| What you should do |
For every entry that follows, return the words exactly and omit any picture.

| Provided material |

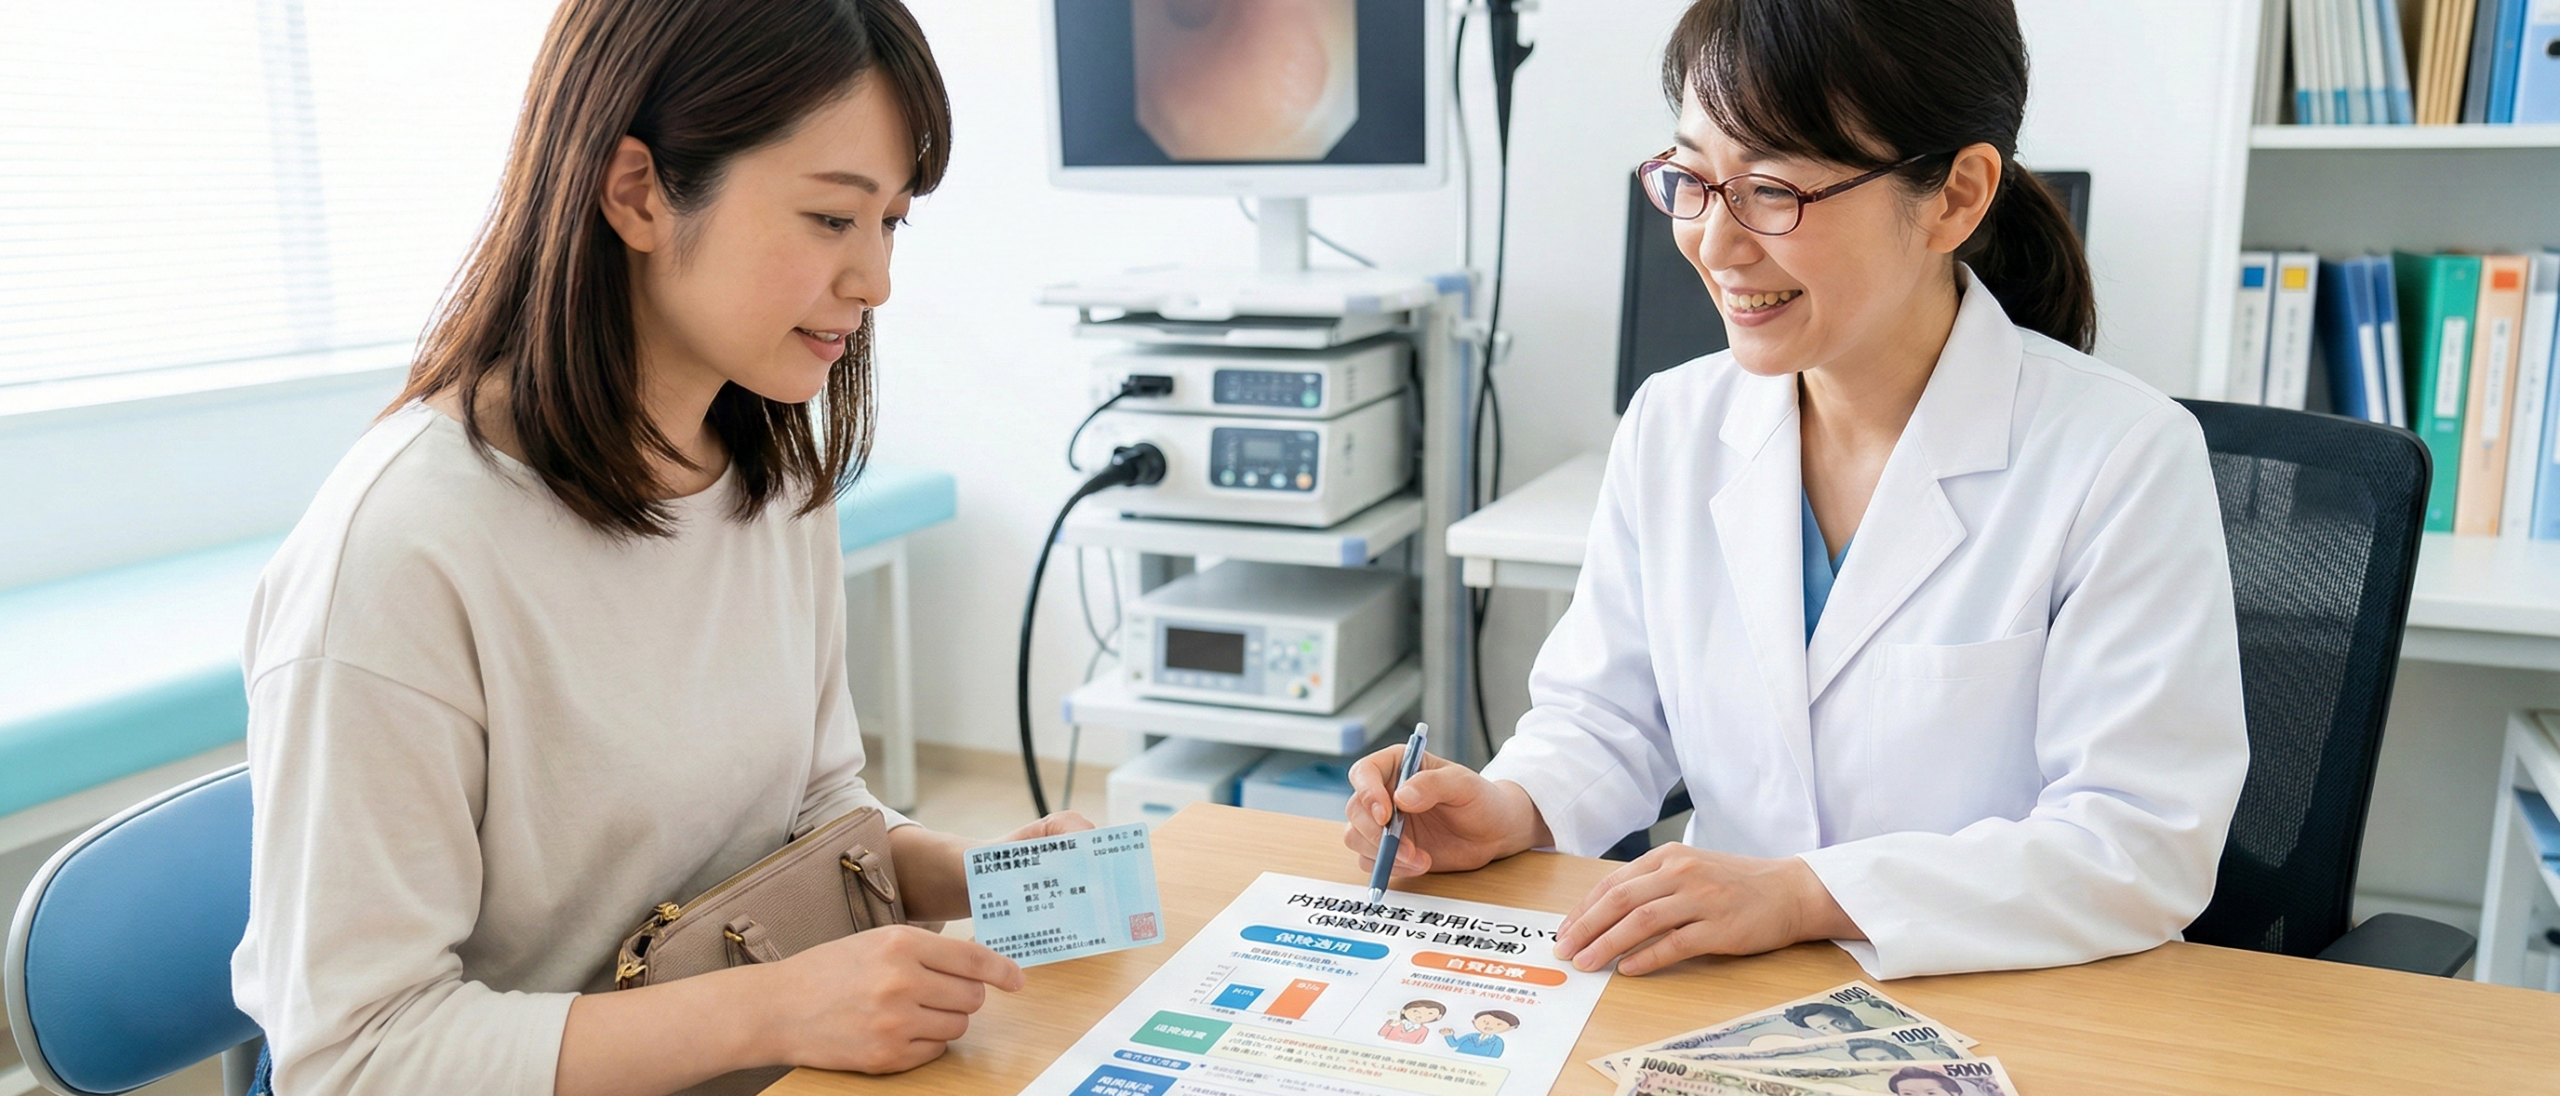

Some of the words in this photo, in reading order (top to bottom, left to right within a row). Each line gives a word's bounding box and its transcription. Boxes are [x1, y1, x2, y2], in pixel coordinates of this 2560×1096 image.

[1406, 929, 1427, 939] vs
[1830, 986, 1870, 1004] 1000
[1891, 1026, 1940, 1044] 1000
[1640, 1057, 1687, 1076] 10000
[1943, 1062, 1993, 1078] 5000
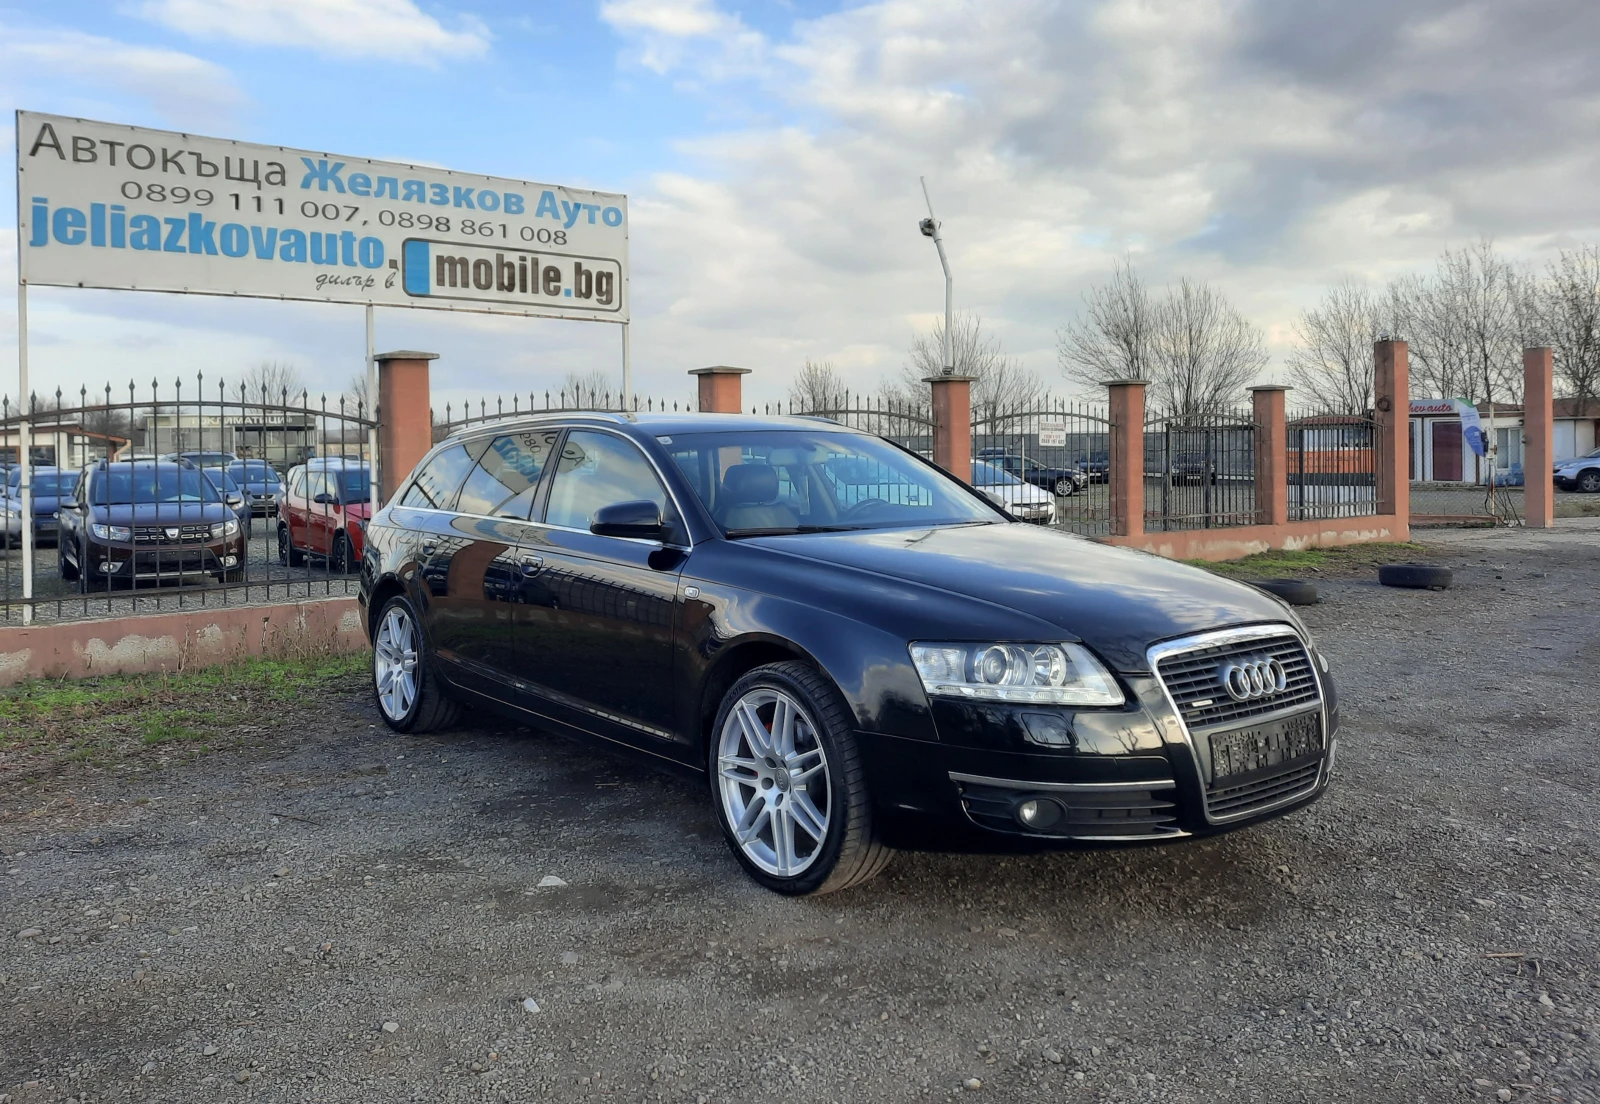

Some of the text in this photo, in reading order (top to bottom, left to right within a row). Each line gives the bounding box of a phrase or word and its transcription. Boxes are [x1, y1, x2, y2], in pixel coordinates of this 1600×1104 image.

[29, 122, 623, 229] Автокъща Желязков Ауто
[121, 181, 568, 245] 0899 111 007, 0898 861 008
[316, 272, 376, 291] дилър
[435, 252, 614, 306] mobile.bg
[1427, 403, 1453, 412] auto
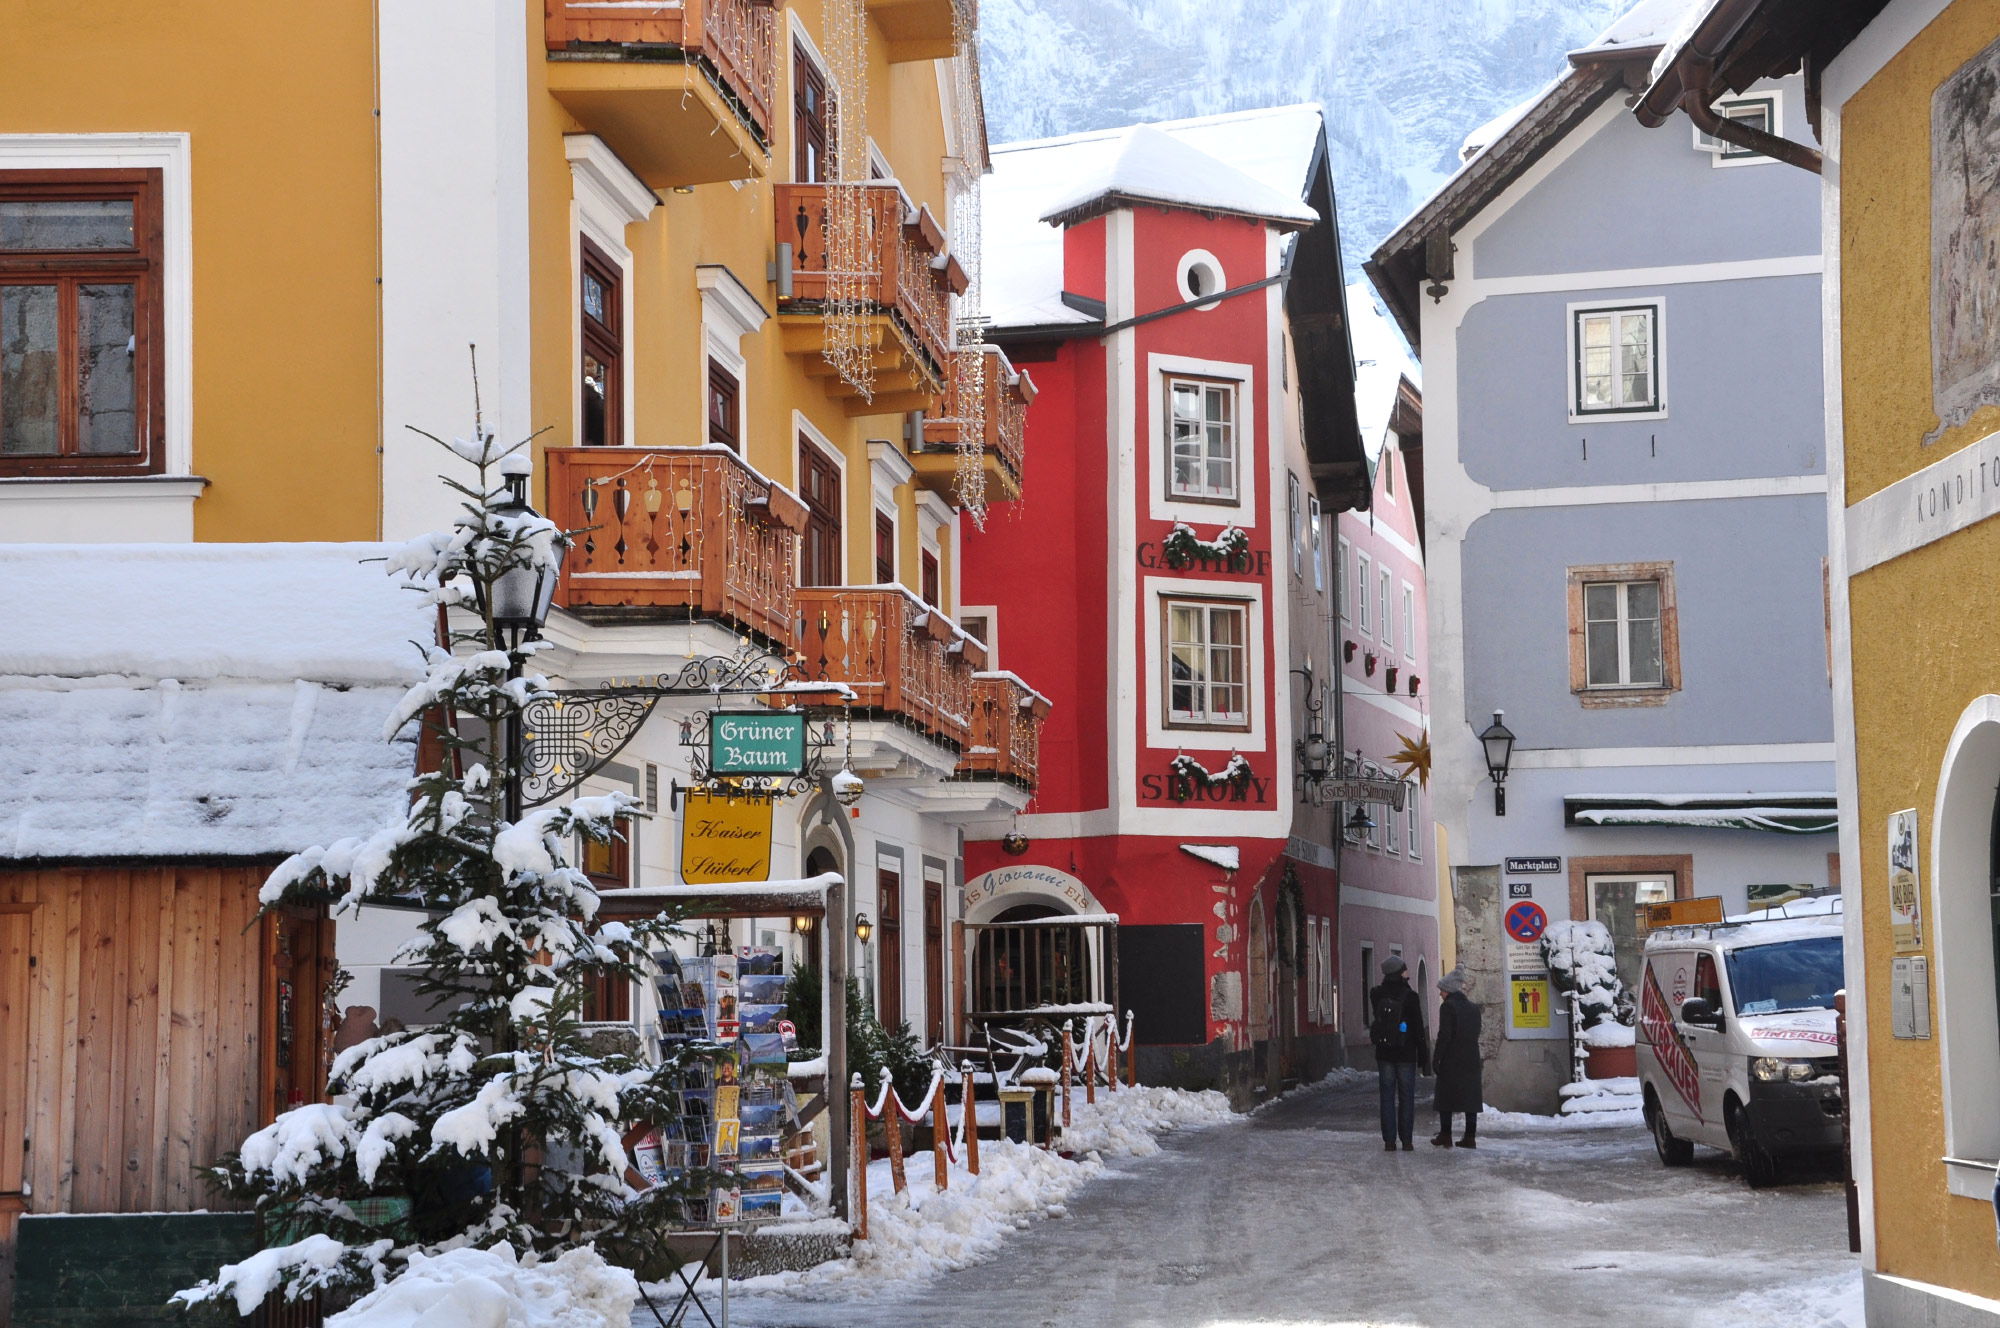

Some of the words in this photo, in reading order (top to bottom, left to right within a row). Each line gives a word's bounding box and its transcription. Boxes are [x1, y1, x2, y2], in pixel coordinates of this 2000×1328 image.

| Output below |
Some of the words in this photo, in reading order (top to bottom, left to right within a row). Each line gives a word's bounding box and its transcription. Boxes are [x1, y1, x2, y2], in pixel coordinates of this 2560×1096 image.

[1406, 929, 1427, 939] vs
[1830, 986, 1870, 1004] 1000
[1891, 1026, 1940, 1044] 1000
[1640, 1057, 1687, 1076] 10000
[1943, 1062, 1993, 1078] 5000

Some of the text in this photo, in reading order (top to bottom, left to right within a row). Each line gives the bounding box of a phrase or word and its transcription. Boxes are [x1, y1, x2, y2], in pixel coordinates of this 1600×1104 image.

[29, 122, 623, 229] Автокъща Желязков Ауто
[121, 181, 568, 245] 0899 111 007, 0898 861 008
[316, 272, 376, 291] дилър
[435, 252, 614, 306] mobile.bg
[1427, 403, 1453, 412] auto

Some of the words in this photo, in reading order (top to bottom, left to right within a row). Each line gives a word's bounding box and its transcription. Boxes are [x1, y1, x2, y2], in pixel coordinates of this 2000×1328 image.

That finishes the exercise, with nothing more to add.